Virus Called The Blues was a 30-minute documentary spoof based on a day in the life of blues and jazz guitarist/songwriter Billy Jenkins and his band The Blues Collective. The documentary was produced, directed by Craig Duncan who met Billy on the set of the BBC Two music series 'Jazz 606' in the mid nineties (filmed at the famous Jazz Venue 606 Club). It features serious interviews and spoof action, plus actual performance from the band at The Blue Elephant Theatre, Camberwell, South-east London. Also visible in the audience is stand up comedian Stewart Lee, a long-time friend of Jenkins.

Overview 
The title of the documentary came from the title of Charles Brown song 'Virus Called The Blues', a version of which is available on the 2002 album 'Blues Zero Two' by Billy Jenkins.
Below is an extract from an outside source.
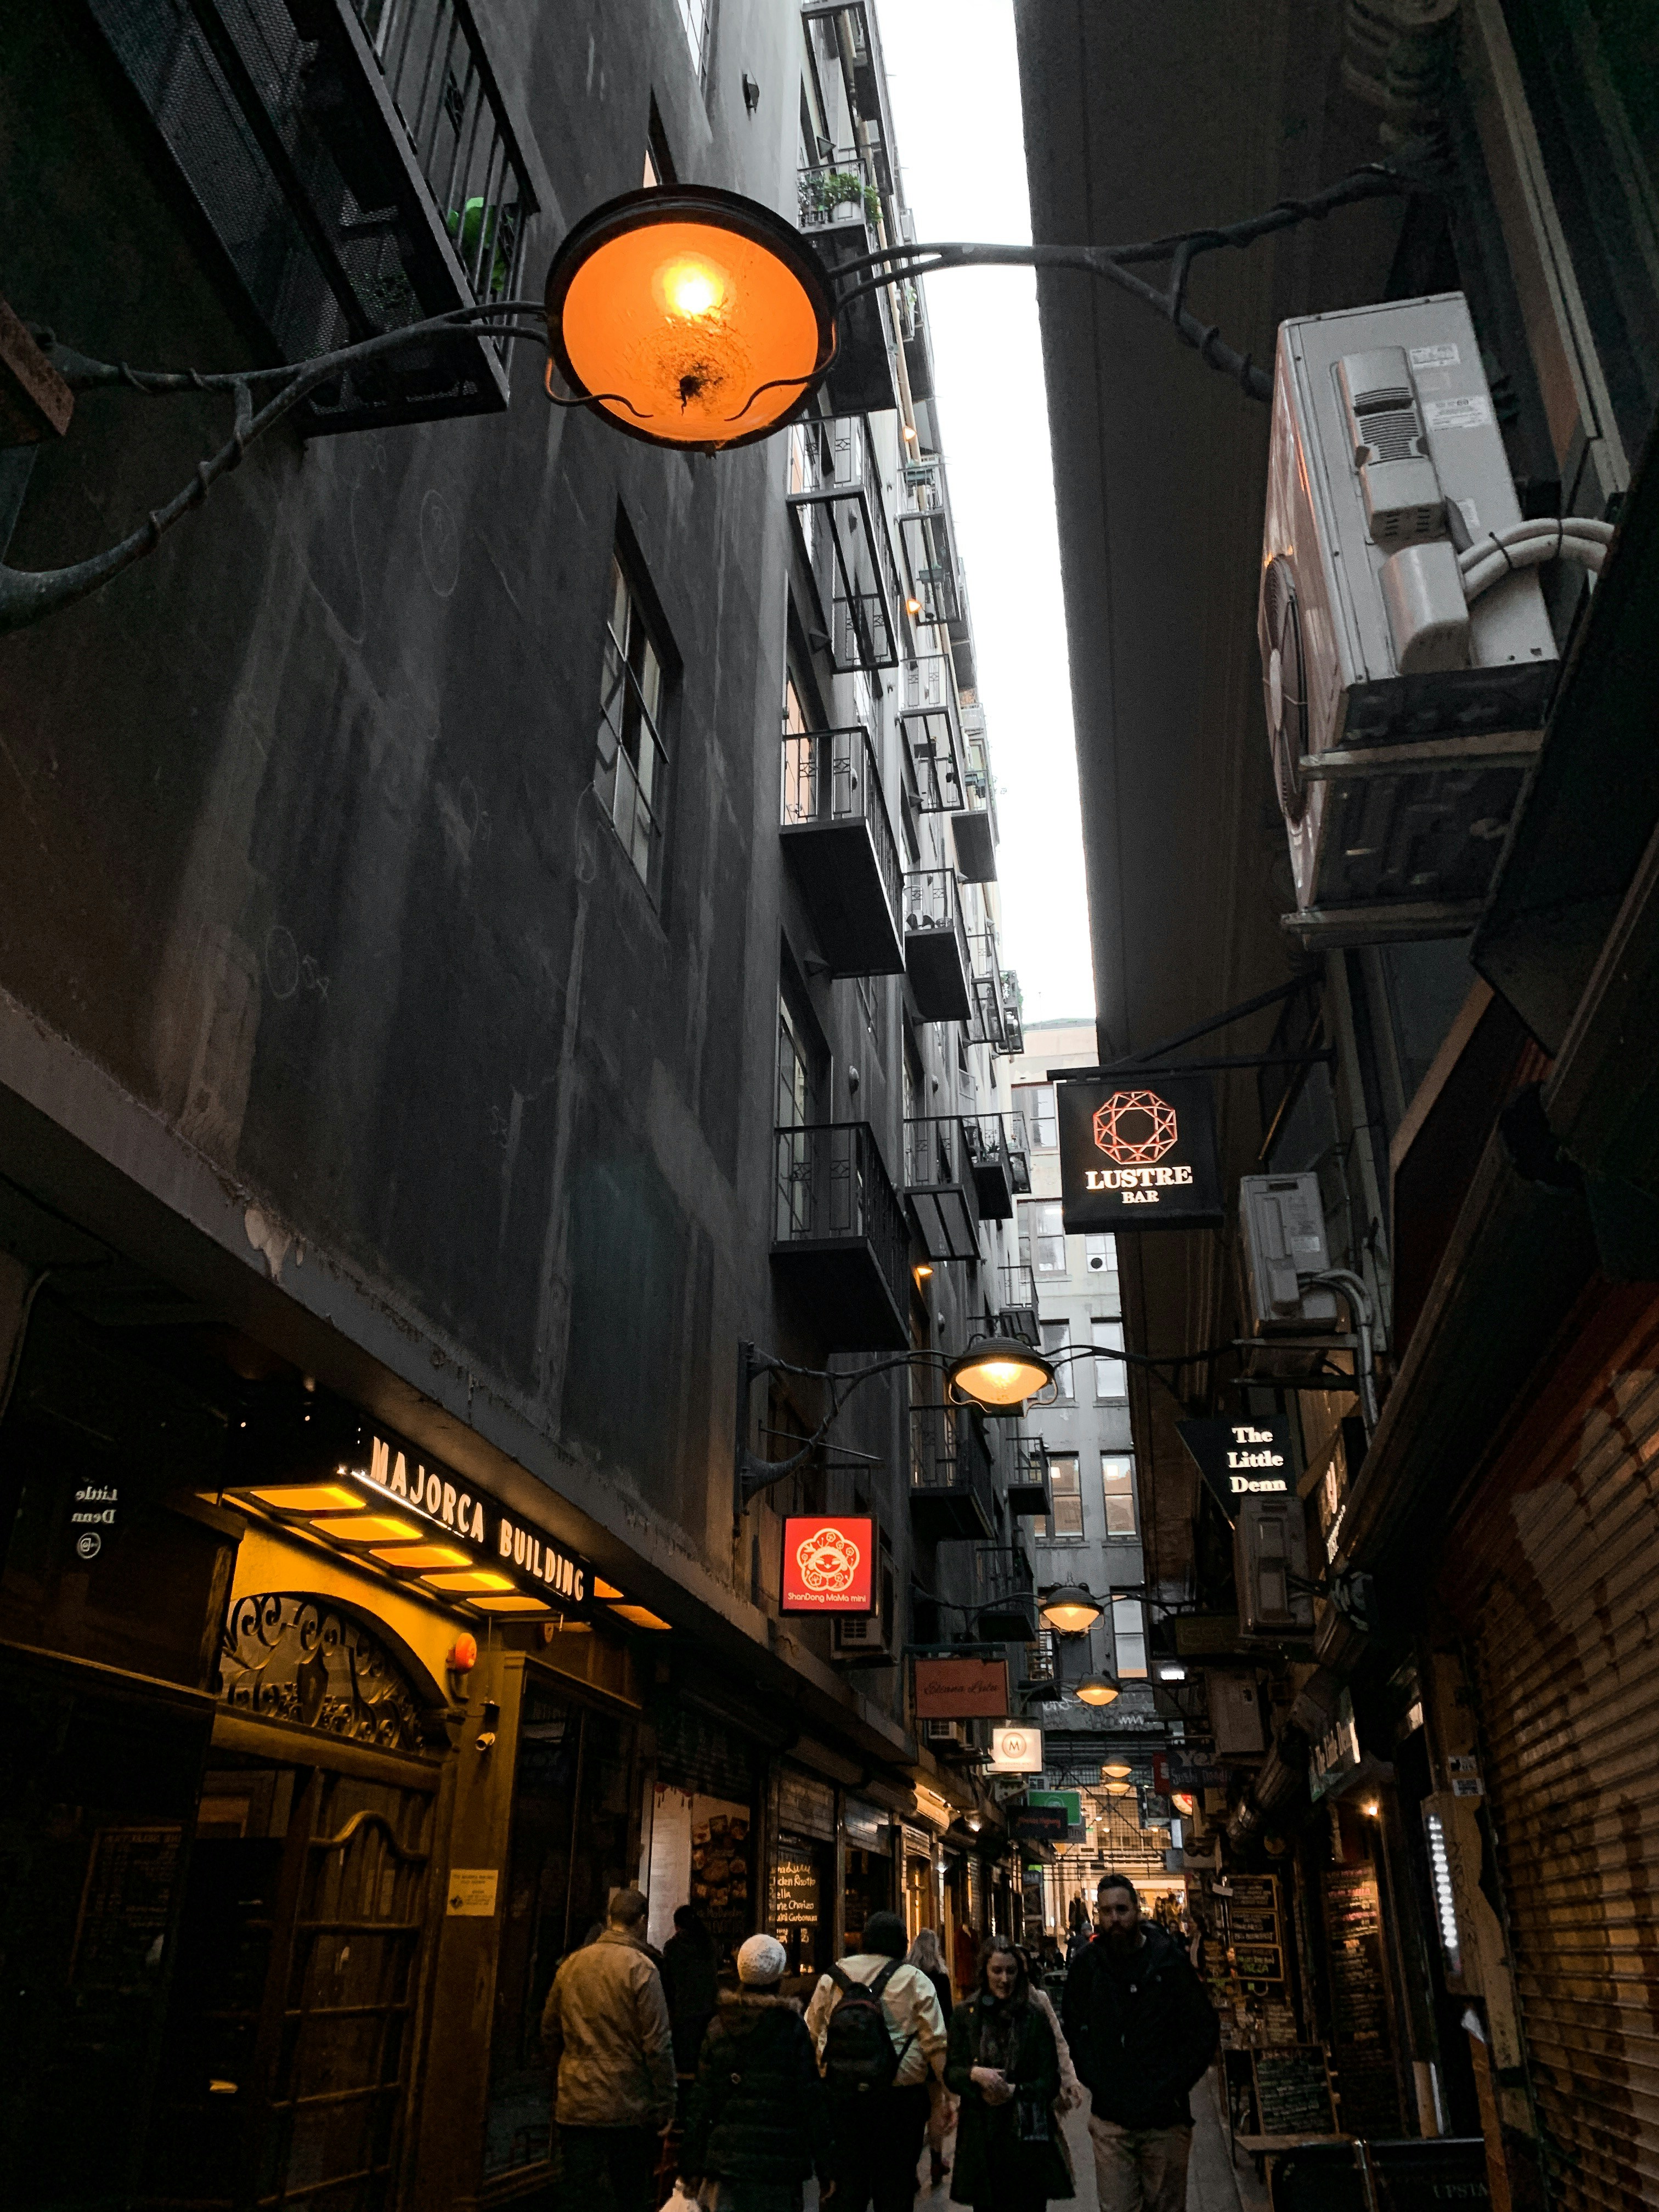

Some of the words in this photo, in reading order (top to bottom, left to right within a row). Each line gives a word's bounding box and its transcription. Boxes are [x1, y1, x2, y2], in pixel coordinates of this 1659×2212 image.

The story in the programme follows this pattern: Jenkins convinces his band to do a one off benefit gig to raise money to purchase better lighting in the street surrounding the Theatre. During the run up to the gig the band lose the location of the venue while out in the groups Reliant Robin. As a result,  the audience are left waiting. Bandleader Billy Jenkins argues with the band and bass player Thad Kelly walks out.

In reality this was a genuine benefit gig and for the most part, a true story and as a result funds were raised and better lighting has since been installed since the documentary was made.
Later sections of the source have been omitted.